Historically, the groundbreaking work of Nobel Prize laureates – economist Richard Thaler (2017) and psychologist and decision-making researcher Daniel Kahneman (2002) – as well as the work of psychologist and decision-making researcher Amos Tversky z”l, laid the foundations for behavioral economics as an independent field of study. IDC’s program builds on the strong connection between economics and psychology, to give professionals a solid grasp of economics and robust knowledge of the psychological forces that shape human behavior, both of which are crucial in order to understand the decisions we make and the actions we take, and to effect change.

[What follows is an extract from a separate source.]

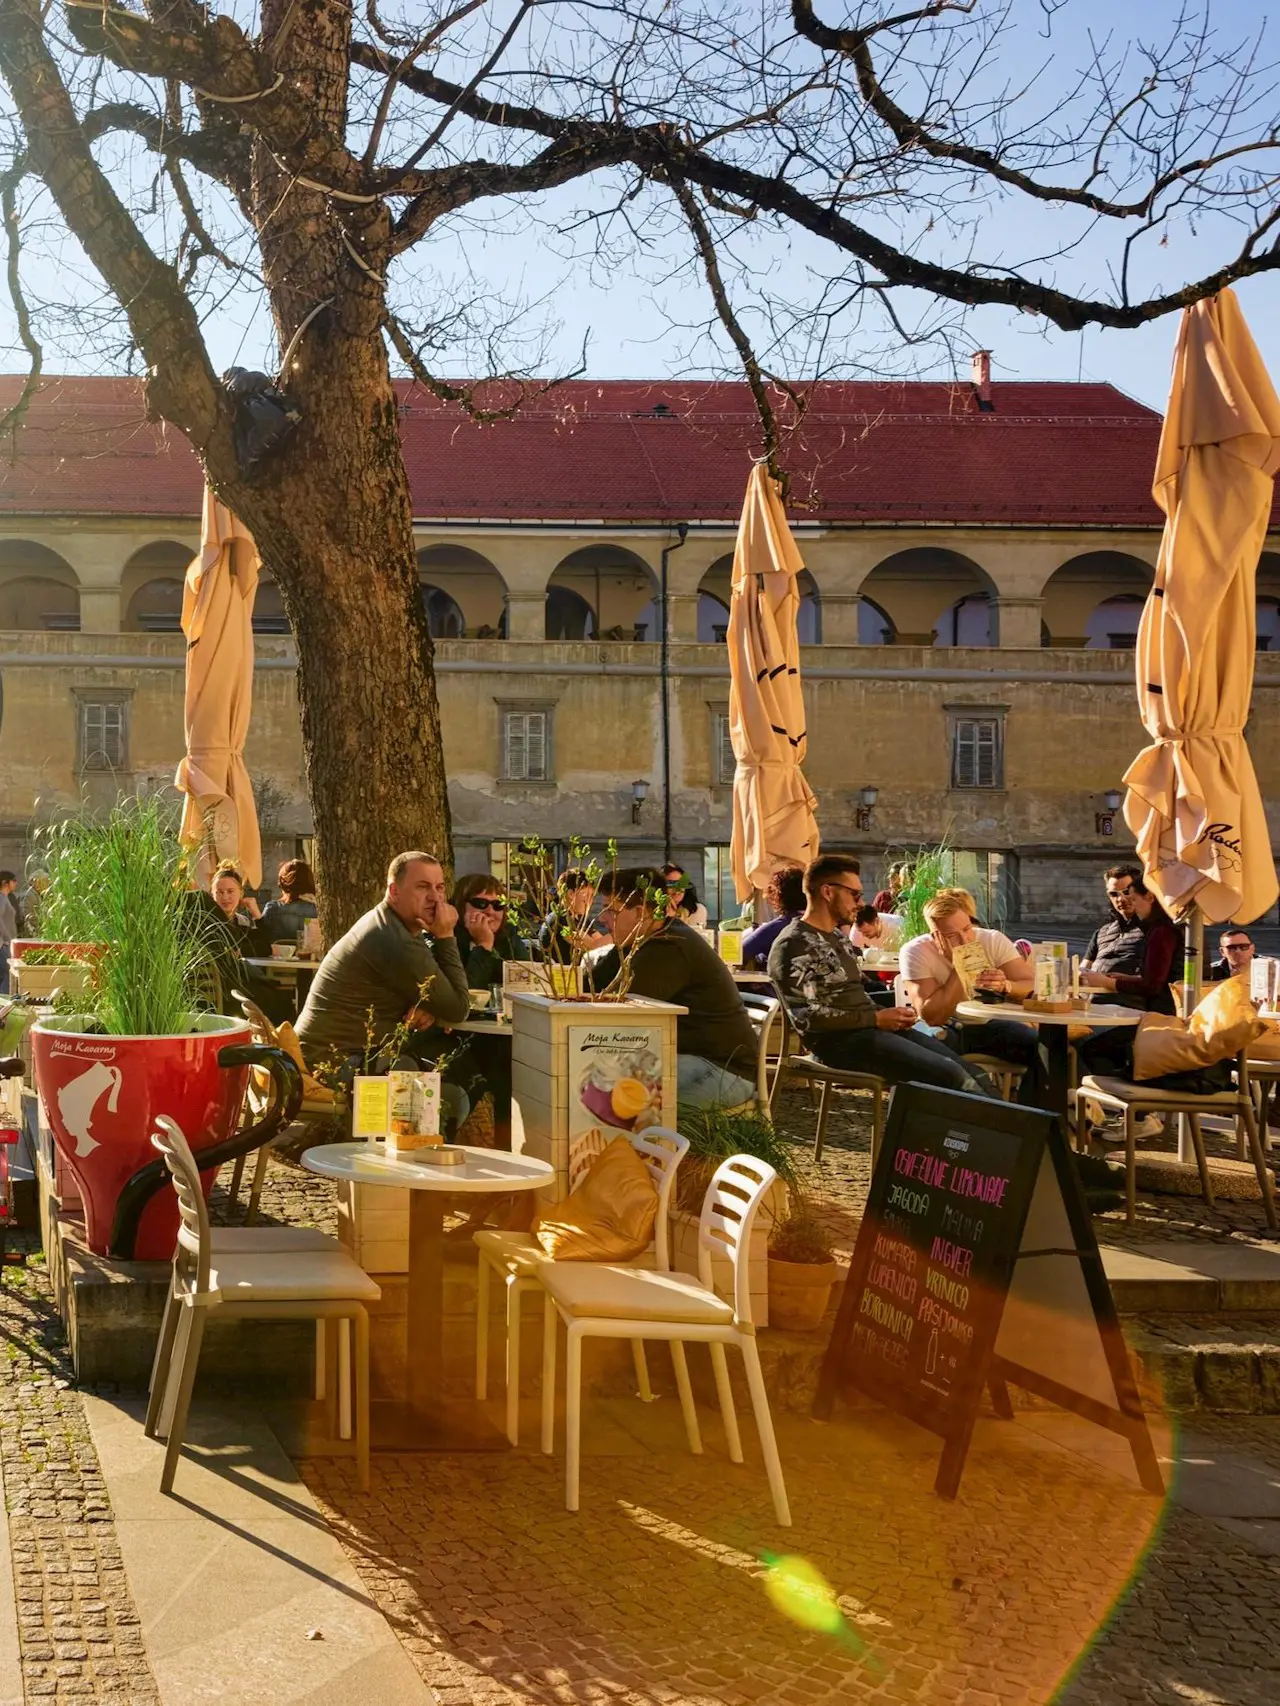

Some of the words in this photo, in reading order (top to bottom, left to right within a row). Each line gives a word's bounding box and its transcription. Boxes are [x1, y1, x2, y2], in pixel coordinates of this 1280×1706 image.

The master’s program is composed of a comprehensive set of core courses in economics, decision-making, and public policy, along with foundational and more advanced courses in behavioral research methods and statistics. Classes, taught entirely in English, are designed to provide a strong background in theory, and to give students practical tools and hands-on experience with state-of-the-art policies and interventions (e.g., nudges, financial incentives) aimed at improving decision-making processes. Students will, for example, take part in Nudgeathons and work with Israeli government agencies on real-life applications of behavioral economics in the public sector.
The Behavioral Economics MA program at IDC responds to the strong need to formulate and enact social policies and interventions to help individuals manage their lives better. It is also a strong start to the development of a state-of-the-art behavioral economics hub in Israel.